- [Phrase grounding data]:
--- START ---

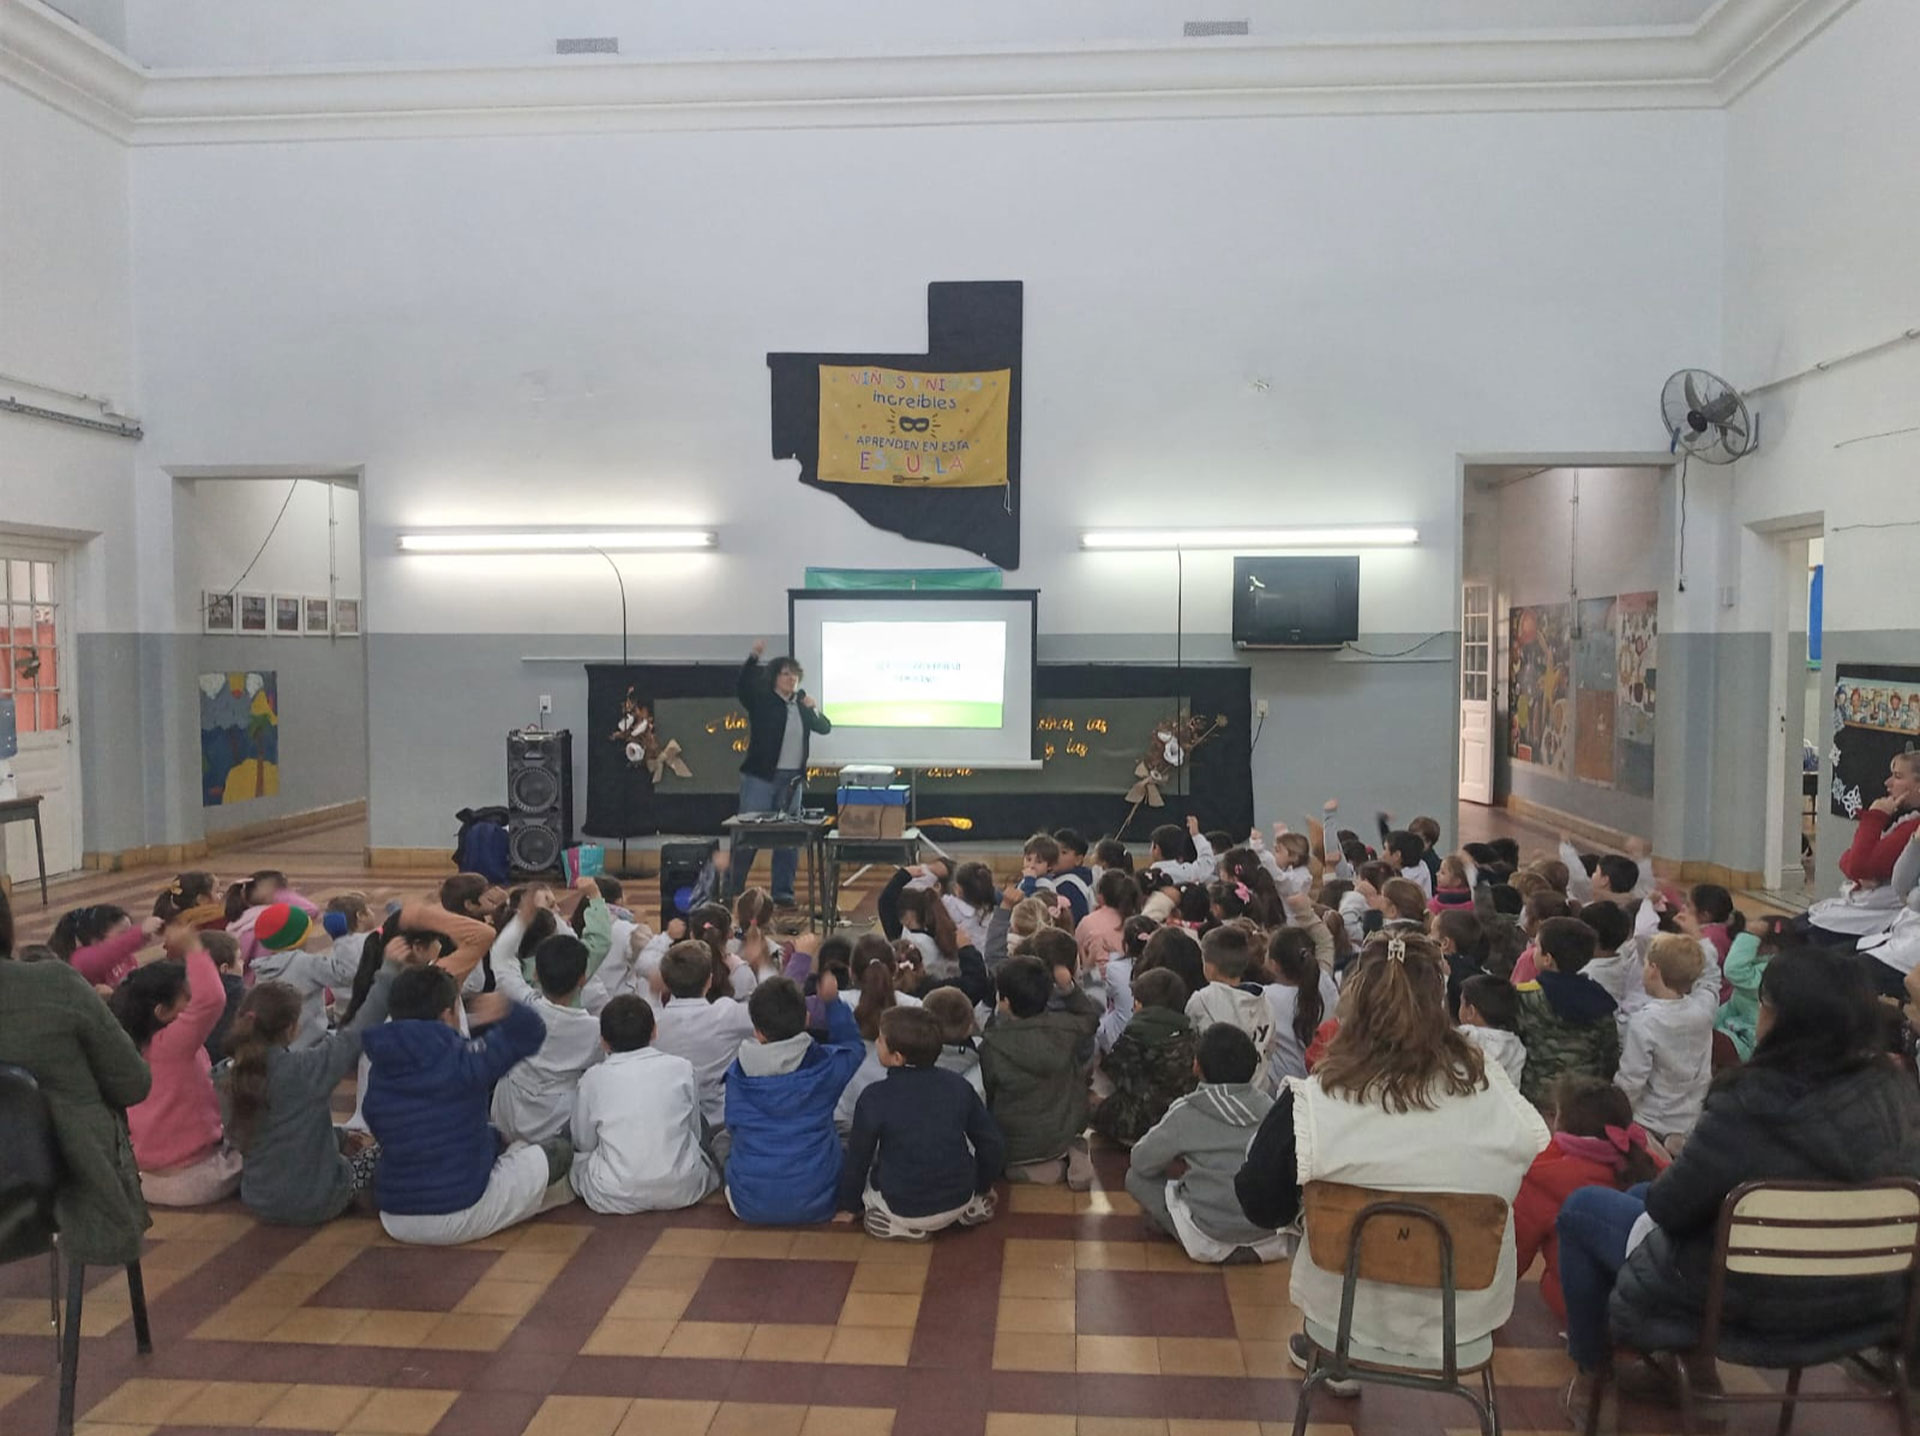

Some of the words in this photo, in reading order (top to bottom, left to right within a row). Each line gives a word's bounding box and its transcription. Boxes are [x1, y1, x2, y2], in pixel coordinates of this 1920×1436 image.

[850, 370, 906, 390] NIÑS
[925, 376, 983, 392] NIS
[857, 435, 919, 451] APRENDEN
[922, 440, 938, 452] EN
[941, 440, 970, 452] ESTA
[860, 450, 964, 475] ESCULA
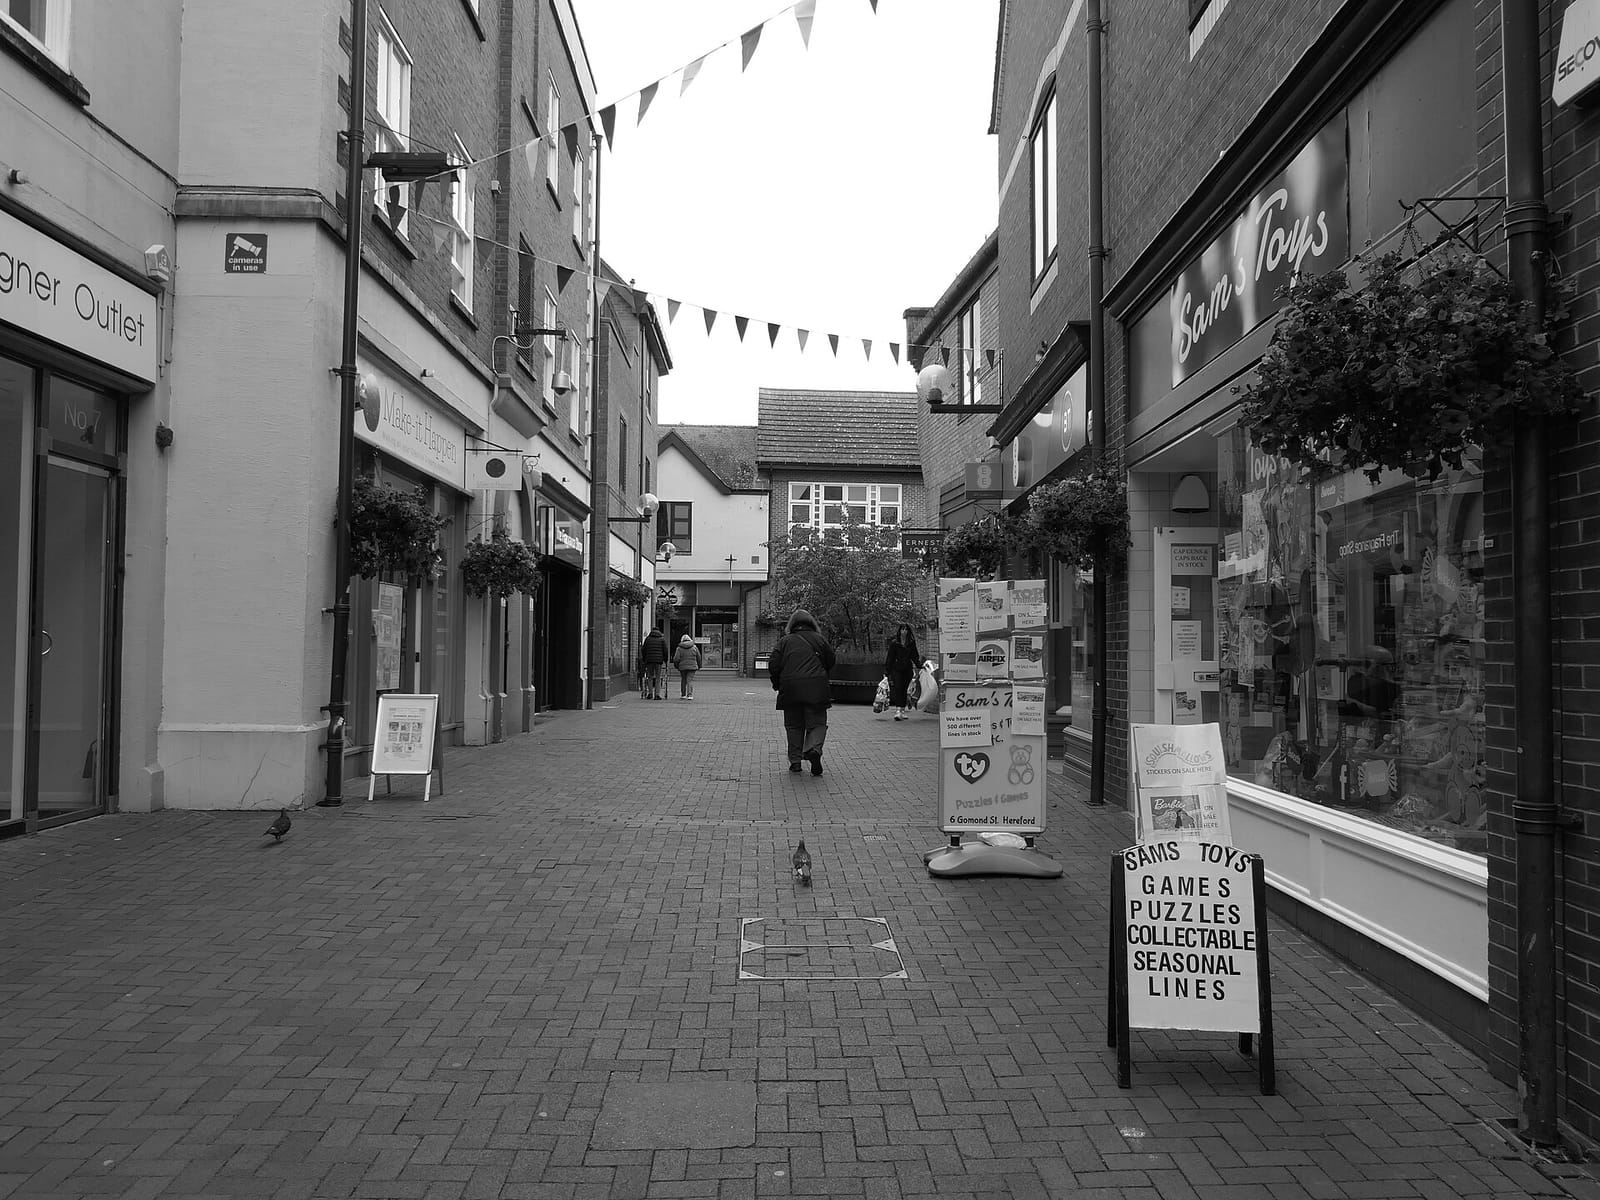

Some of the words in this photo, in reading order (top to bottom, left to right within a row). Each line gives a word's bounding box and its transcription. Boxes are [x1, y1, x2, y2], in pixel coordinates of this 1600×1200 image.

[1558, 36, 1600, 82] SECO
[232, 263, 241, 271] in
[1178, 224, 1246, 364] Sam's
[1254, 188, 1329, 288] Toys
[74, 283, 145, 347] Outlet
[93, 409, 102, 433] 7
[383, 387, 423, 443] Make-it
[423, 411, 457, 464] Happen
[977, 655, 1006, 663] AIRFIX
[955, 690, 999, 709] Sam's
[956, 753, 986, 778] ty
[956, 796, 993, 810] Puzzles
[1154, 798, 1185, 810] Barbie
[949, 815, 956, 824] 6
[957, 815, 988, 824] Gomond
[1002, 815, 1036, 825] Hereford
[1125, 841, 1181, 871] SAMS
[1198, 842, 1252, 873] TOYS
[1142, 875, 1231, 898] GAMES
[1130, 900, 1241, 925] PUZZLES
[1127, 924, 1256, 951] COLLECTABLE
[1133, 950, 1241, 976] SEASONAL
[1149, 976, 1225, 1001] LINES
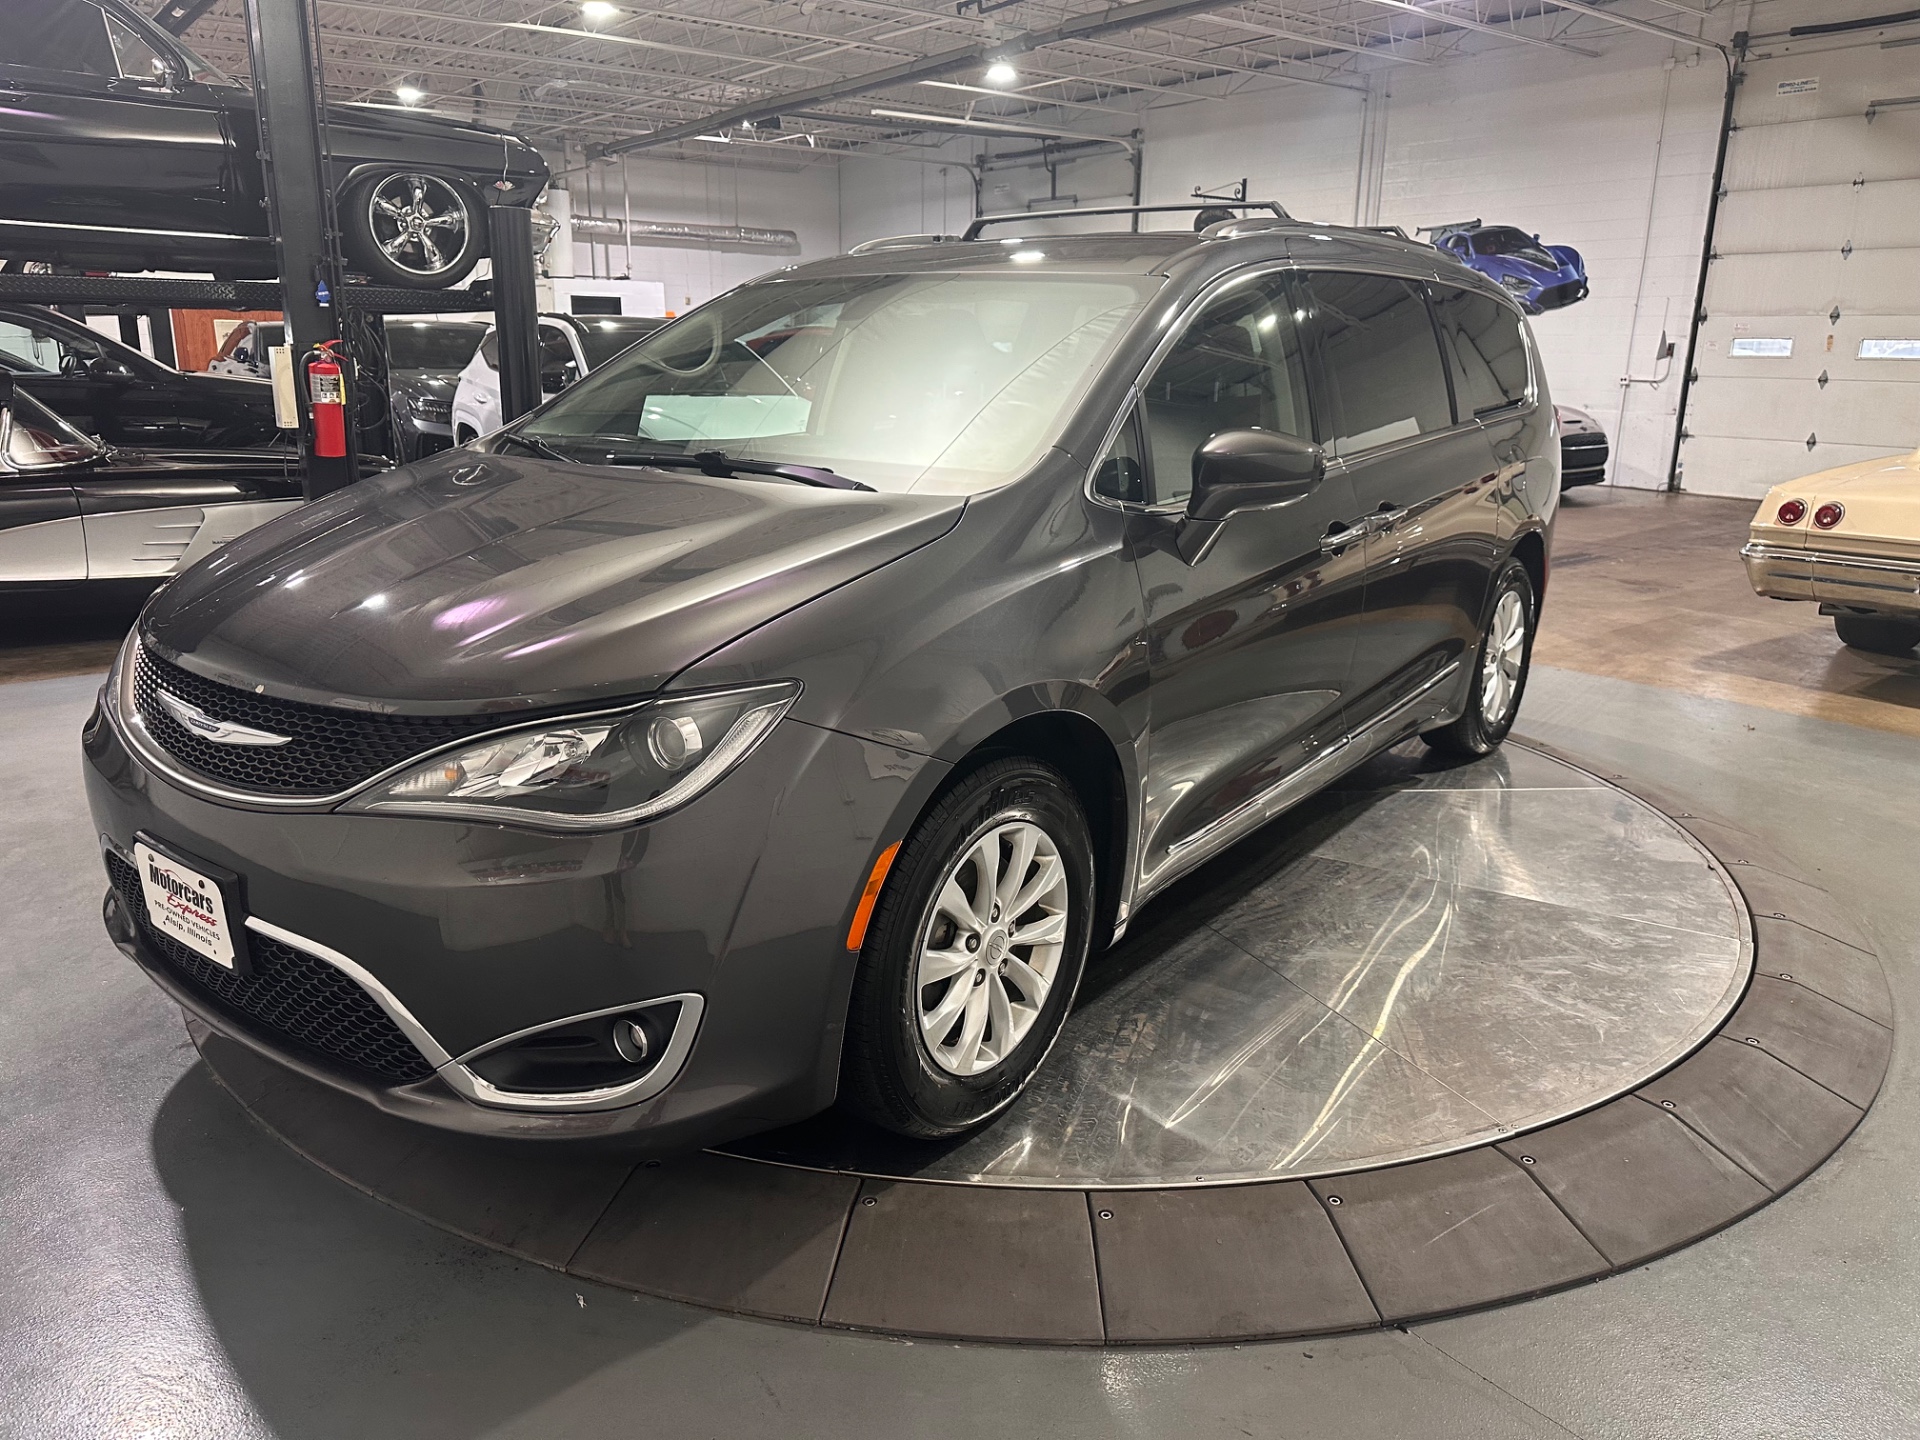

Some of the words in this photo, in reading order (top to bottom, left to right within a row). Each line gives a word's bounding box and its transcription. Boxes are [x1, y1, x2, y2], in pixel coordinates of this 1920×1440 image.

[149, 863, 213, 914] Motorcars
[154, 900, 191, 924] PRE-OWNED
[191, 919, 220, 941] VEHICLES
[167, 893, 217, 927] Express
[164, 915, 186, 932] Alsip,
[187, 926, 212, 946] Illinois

--- END ---

- [WORK TO COMPLETE]: Skipping any pictures, copy the entries exactly as they appear.

- [TASK RESULT]:
Some of the words in this photo, in reading order (top to bottom, left to right within a row). Each line gives a word's bounding box and its transcription. Boxes are [x1, y1, x2, y2], in pixel coordinates of this 1920×1436 image.

[850, 370, 906, 390] NIÑS
[925, 376, 983, 392] NIS
[857, 435, 919, 451] APRENDEN
[922, 440, 938, 452] EN
[941, 440, 970, 452] ESTA
[860, 450, 964, 475] ESCULA

Some of the words in this photo, in reading order (top to bottom, left to right within a row). Each line gives a word's bounding box and its transcription. Boxes are [x1, y1, x2, y2], in pixel coordinates of this 1600×1200 image.

[1558, 36, 1600, 82] SECO
[232, 263, 241, 271] in
[1178, 224, 1246, 364] Sam's
[1254, 188, 1329, 288] Toys
[74, 283, 145, 347] Outlet
[93, 409, 102, 433] 7
[383, 387, 423, 443] Make-it
[423, 411, 457, 464] Happen
[977, 655, 1006, 663] AIRFIX
[955, 690, 999, 709] Sam's
[956, 753, 986, 778] ty
[956, 796, 993, 810] Puzzles
[1154, 798, 1185, 810] Barbie
[949, 815, 956, 824] 6
[957, 815, 988, 824] Gomond
[1002, 815, 1036, 825] Hereford
[1125, 841, 1181, 871] SAMS
[1198, 842, 1252, 873] TOYS
[1142, 875, 1231, 898] GAMES
[1130, 900, 1241, 925] PUZZLES
[1127, 924, 1256, 951] COLLECTABLE
[1133, 950, 1241, 976] SEASONAL
[1149, 976, 1225, 1001] LINES

Some of the words in this photo, in reading order (top to bottom, left to right within a row). Each line gives a word's bounding box and its transcription. Boxes are [x1, y1, x2, y2], in pixel coordinates of this 1920×1440 image.

[149, 863, 213, 914] Motorcars
[154, 900, 191, 924] PRE-OWNED
[191, 919, 220, 941] VEHICLES
[167, 893, 217, 927] Express
[164, 915, 186, 932] Alsip,
[187, 926, 212, 946] Illinois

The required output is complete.